But the authors of the study believe people who do mindfulness meditation are also generally healthier because they pay more attention to their bodies.

They shared details of their findings at a press conference titled American Heart Association Scientific Sessions 2022.

One of the authors of the study, Eric B. Loucks, Ph.D., associate professor of epidemiology and director of the Mindfulness Center at Brown University, said: “Mindfulness is non-judgmental, present-moment awareness of physical sensations, emotions and thoughts.


“It is almost like a scientist curiously and objectively observing the information coming in through the sense organs and the mind, and then responding skillfully to that information.”

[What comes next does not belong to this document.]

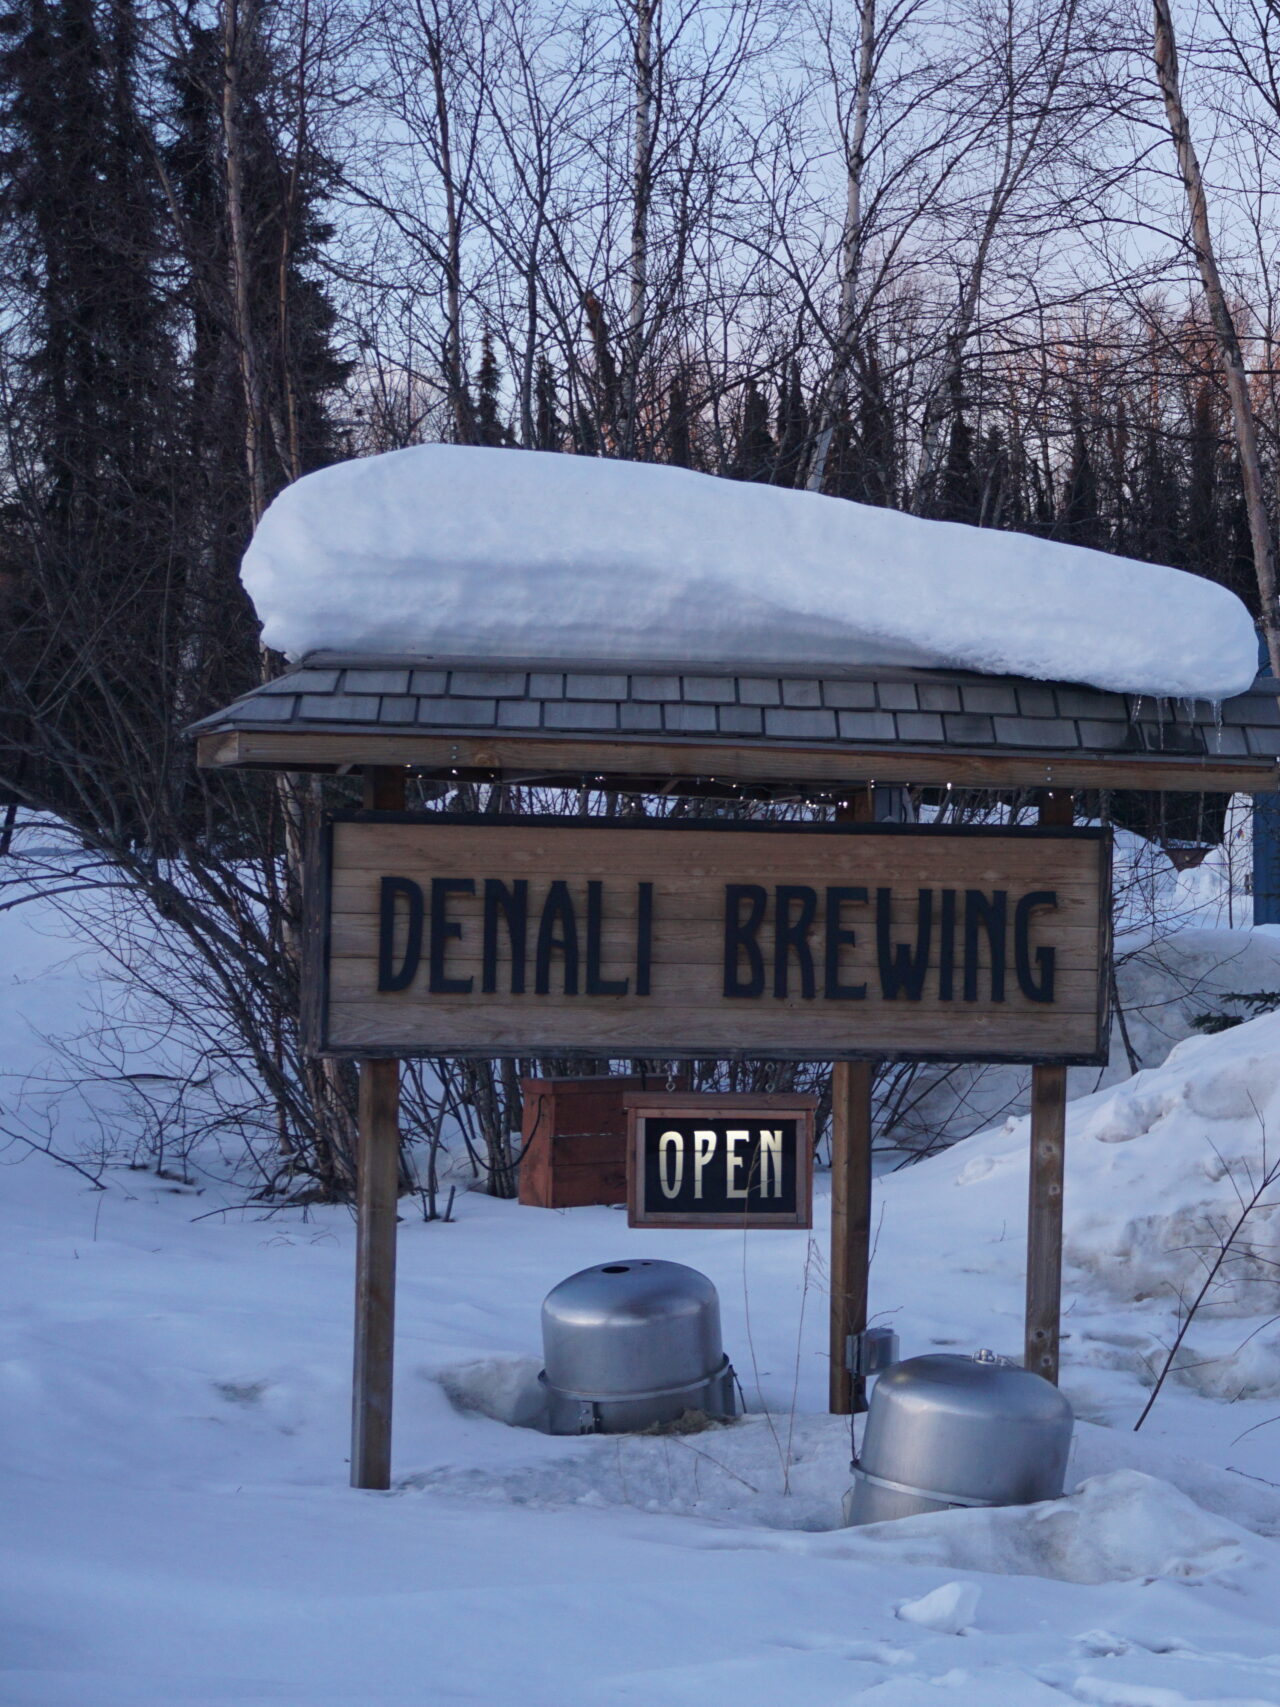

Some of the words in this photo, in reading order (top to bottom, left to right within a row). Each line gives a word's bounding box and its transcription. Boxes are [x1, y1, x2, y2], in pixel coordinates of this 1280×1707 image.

[378, 876, 653, 997] DENALI
[723, 884, 1058, 1003] BREWING
[659, 1129, 783, 1199] OPEN

The study measured the blood pressure of 200 participants with high blood pressure from Rhode island.

The participants were split into two groups: those who received normal care, versus those who attended eight long mindfulness group sessions and a one-day retreat.

The mindfulness group was also encouraged to meditate at home for at least 45 minutes daily, six days a week.

After six months, this group saw a drop of 6 mm Hg in their blood pressure compared to a drop of 1.4 mmHg in the control group.

Mr. Loucks added: “Mindfulness also involves the concept of remembering, or in other words, remembering to bring one’s wisdom (wherever it was gained, such as from health care professionals or public health messages) into the present moment.

“Wisdom in the context of elevated blood pressure levels may include knowledge that evidence-based practices, such as physical activity, diet, limited alcohol consumption, and antihypertensive medication adherence, can improve well-being.”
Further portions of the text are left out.